High Court of Ireland seeks clarity from European Court regarding the circumstances in which it can order the identities of anonymous online wrongdoers to be revealed.
On 19 May 2021, the High Court of Ireland confirmed that it proposes to make a preliminary reference to the Court of Justice of the European Union (CJEU) seeking clarity on the circumstances in which it can grant what is known as a Norwich Pharmacal Order. Norwich Pharmacal Orders (named after the first case in which such an order was made) have been granted by the courts in Ireland for decades. However, in recent years, there has been a significant increase in the number of orders being sought against social media companies, in particular by parties seeking to unmask anonymous users who have made defamatory comments online. The orders are sought so that legal proceedings can be brought against those users once their identities are known. Applications for Norwich Pharmacal Orders have, to date, tended to be made without notice to the alleged wrongdoer so the alleged wrongdoer is not heard by the court in relation to it.

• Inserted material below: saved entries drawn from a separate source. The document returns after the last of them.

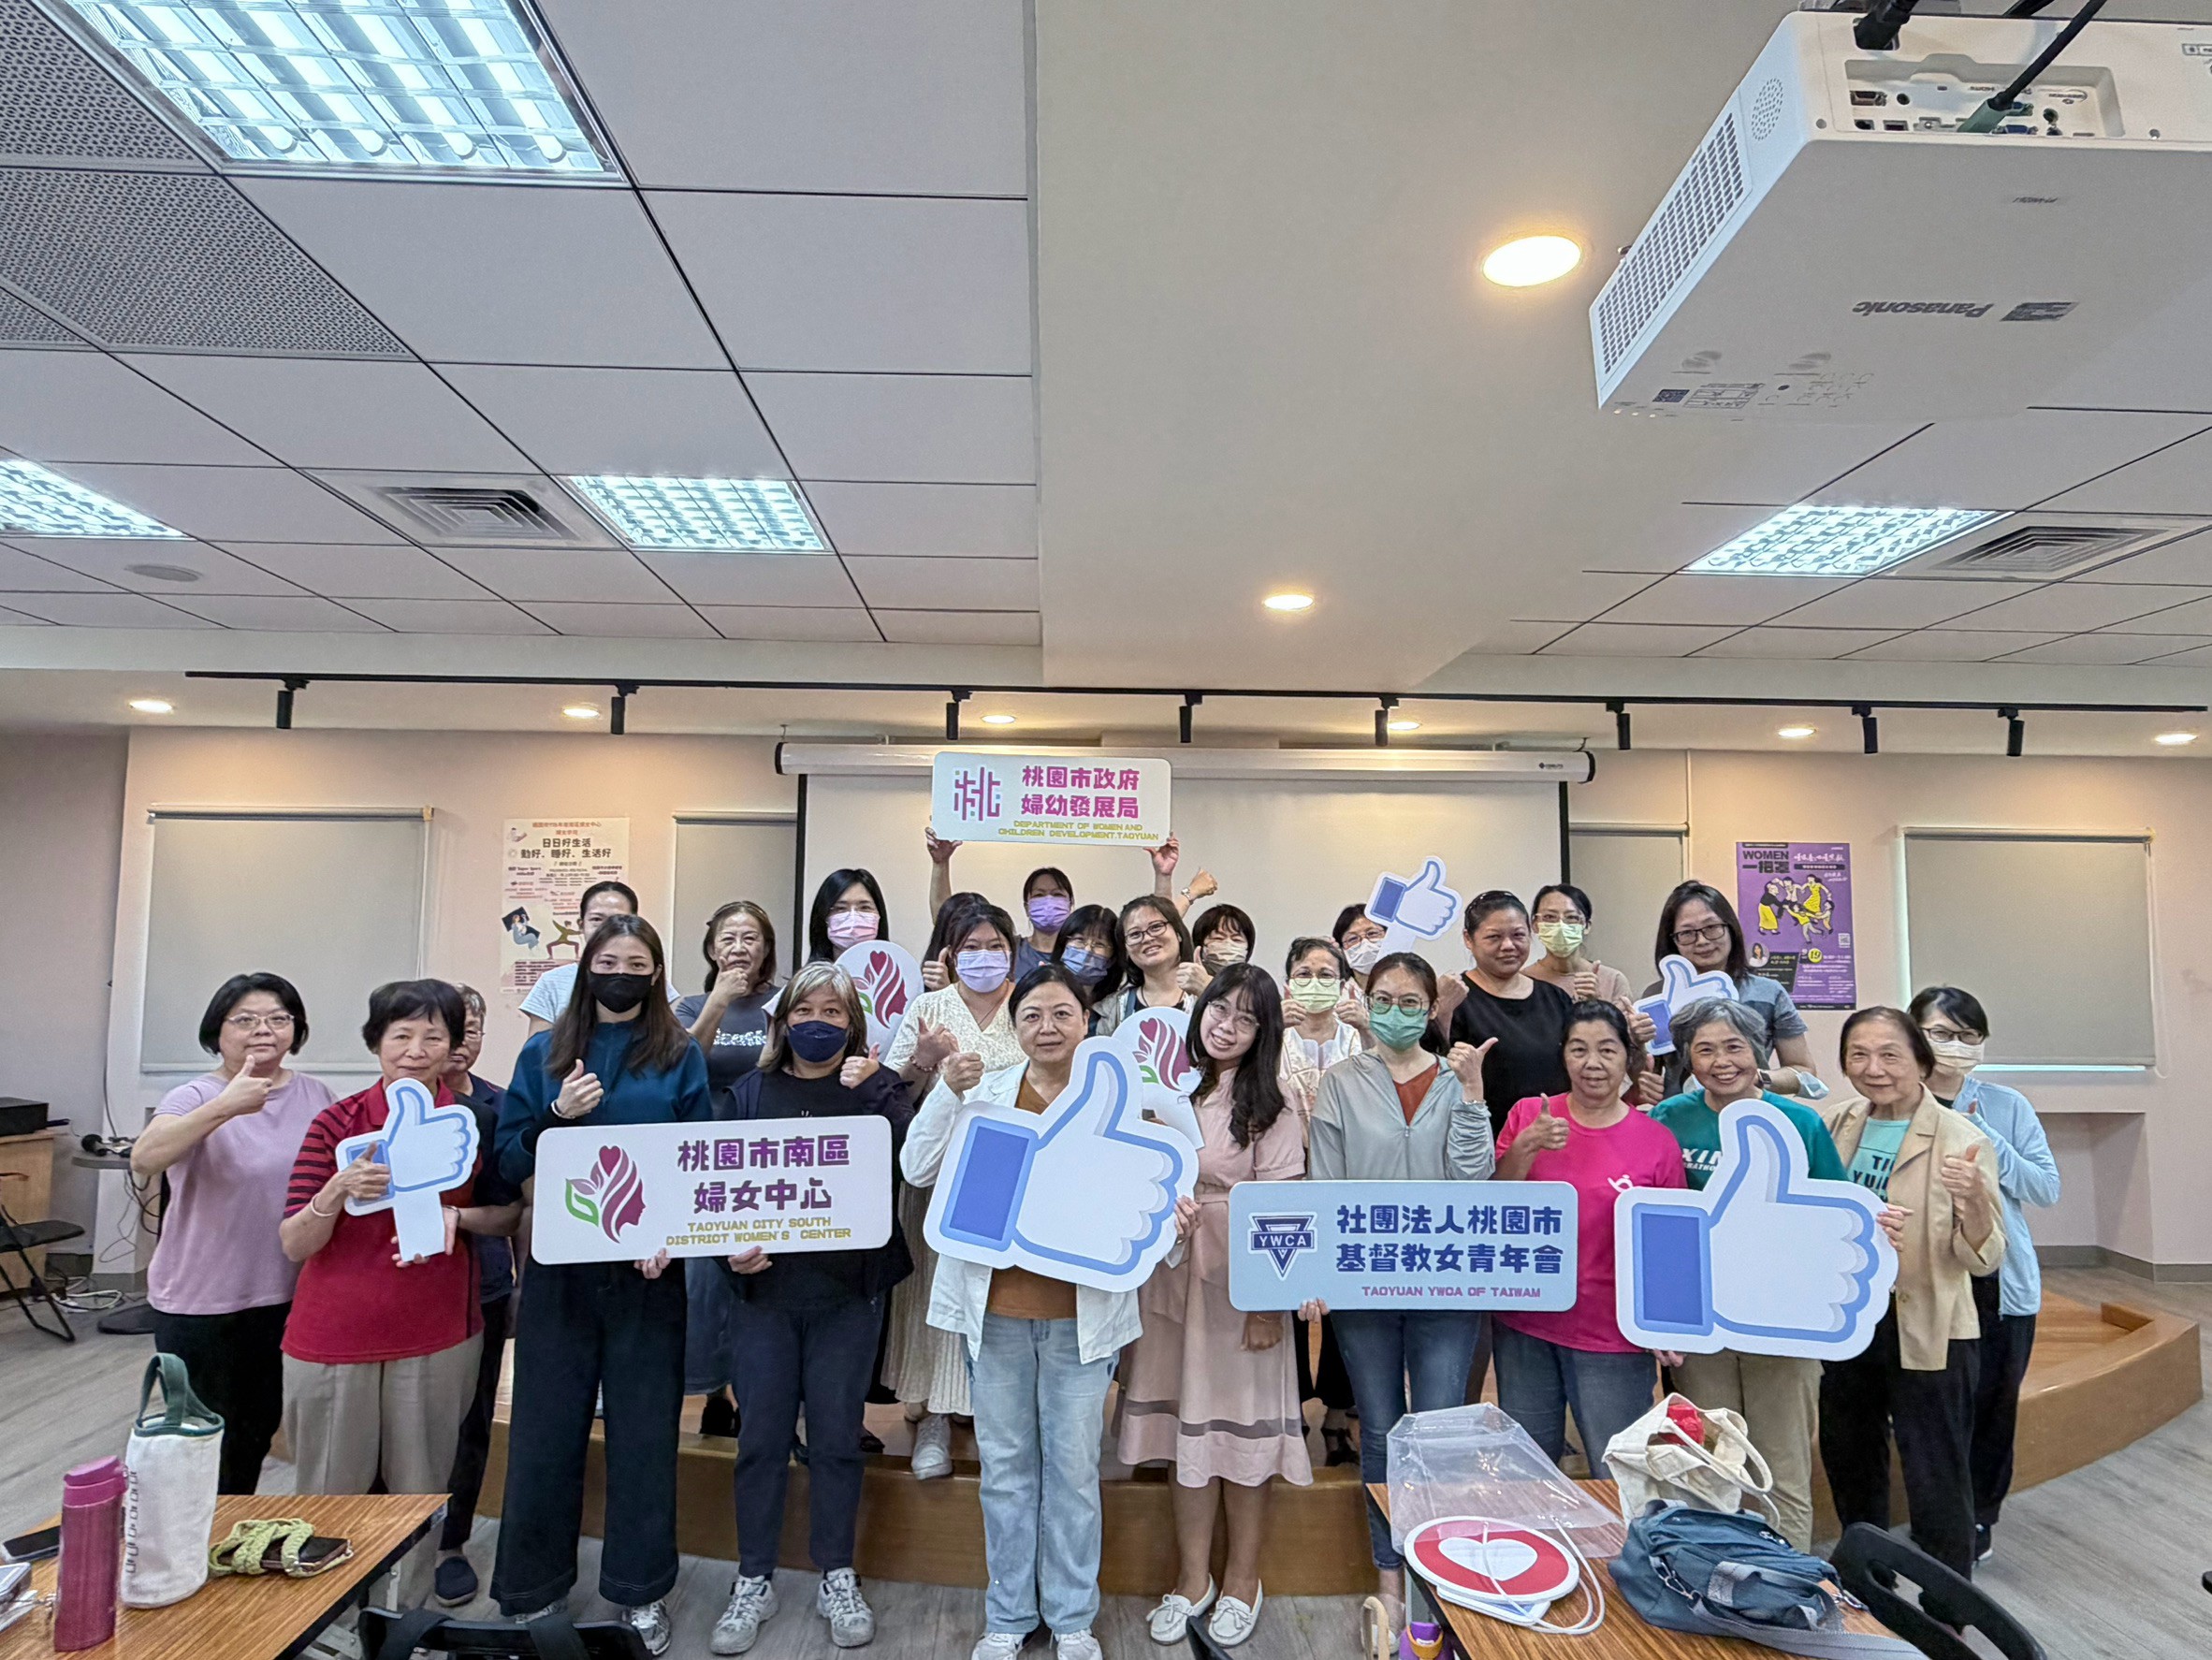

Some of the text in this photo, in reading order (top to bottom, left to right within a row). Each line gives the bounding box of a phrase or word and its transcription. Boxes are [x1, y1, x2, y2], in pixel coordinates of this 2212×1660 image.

[1852, 301, 1994, 318] Panasonic
[1022, 764, 1140, 791] 桃園市政府
[1021, 794, 1139, 819] 婦幼發展局
[998, 828, 1044, 837] CHILDREN
[1013, 820, 1074, 829] DEPARTMENT
[543, 837, 591, 848] 日日好生活
[1742, 851, 1789, 860] WOMEN
[1811, 951, 1821, 959] 19
[677, 1134, 851, 1172] 桃園市南區
[693, 1177, 832, 1214] 婦女中心
[687, 1216, 831, 1232] TAOYUAN CITY SOUTH
[1336, 1204, 1563, 1236] 社團法人桃園市
[665, 1233, 730, 1245] DISTRICT
[800, 1228, 851, 1240] CENTER
[1259, 1235, 1307, 1247] YWCA
[1336, 1243, 1564, 1274] 基督教女青年會
[1361, 1286, 1423, 1297] TAOYUAN
[1427, 1286, 1463, 1297] YWCA
[1467, 1287, 1486, 1297] OF

The High Court makes the preliminary reference in the context of proceedings issued by the Board of Management of Salesian Secondary College, Limerick, against Facebook Ireland Limited (“Facebook”), seeking a disclosure order to compel Facebook to identify the individual(s) behind an Instagram account, “Pallaskenrymemes”. The account, which was active between 14 and 24 October 2019, published a number of “memes” (stock images from the internet with text superimposed) relating to individuals and events at the school, content which the Court described as “coarse and vulgar”. The disclosure order was sought by the school for the purpose of “dealing with” the individual(s) behind the account by way of “disciplinary or pastoral response”. However, the school did not intend to bring any legal proceedings against those behind the account.
The High Court proposes to refer a number of questions to the CJEU, including:
(i) whether there is an implied right under the Charter of Fundamental Rights of the European Union (Charter) to post anonymously on the internet (subject to any countervailing objective of public interest);
(ii) what is the threshold to be met under the GDPR / Charter before a social media platform can be compelled to disclose information about a user and whether it is necessary for a third party seeking disclosure to establish a “strong prima facie case” of tortious wrongdoing and an intention to pursue legal proceedings; and
(iii) whether it is necessary for a national court to attempt to put the anonymous user on notice of an application for a disclosure order.
Mr Justice Garrett Simons noted that the application presented significant legal issues in respect of privacy, data protection and freedom of expression and indicated that there is a strong argument that persons using a social media platform anonymously have an expectation that their identity will not be disclosed without their consent (subject to any countervailing public interest in the disclosure of their identity, for example in the context of defamation proceedings). In addition, the judge noted that the school was inviting the court to depart from the longstanding requirement that an applicant seeking a disclosure order must have an intention to pursue legal proceedings for the alleged tortious wrongdoing. He said that the position advanced by the school would represent a significant departure from the existing case law of the Irish Courts. It was in this context that the decision to make a reference to the CJEU was made.
While the High Court distinguished this case on the basis of its unique features, the questions proposed are relatively broad and, depending on the response from the CJEU, have the potential to alter the landscape more widely in respect of disclosure orders against social media platforms and other Internet Service Providers into the future, particular with regard to a right to post anonymously, the threshold to be met when granting such orders, and notification requirements to users. It remains to be seen whether the High Court will alter its approach to granting disclosure orders while awaiting clarity from Europe.
The proposed questions (to be confirmed following a further hearing on 14 June) are as follows:
(1) Do the rights conferred under Article 7, Article 8 and Article 11 of the Charter of Fundamental Rights of the European Union imply a right, in principle, to post material anonymously on the internet (subject always to any countervailing objective of public interest)? If so, is this right qualified in the case of the students and staff of a secondary school?
(2) What is the threshold to be met under the General Data Protection Regulation and/or the Charter before the provider of a social media platform can be compelled to disclose, to a third party, information which would identify an otherwise anonymous account user? Is it necessary for the third party seeking disclosure to establish a strong prima facie case of tortious wrongdoing and an intention to pursue legal proceedings? Alternatively, does the board of management of a secondary school have a sufficient interest in disciplining its students and staff for their online activities to entitle it to disclosure, even in the absence of an intention to pursue legal proceedings? If so, is it necessary to establish that the online activities are disruptive to the school environment?
(3) Is there any necessity for a national court to attempt to put the affected party on notice of an application which seeks to identify the operators of an otherwise anonymous user account? Should, for example, the national court direct that the social media platform notify the party and inform them that they have an opportunity to make submissions anonymously to the court?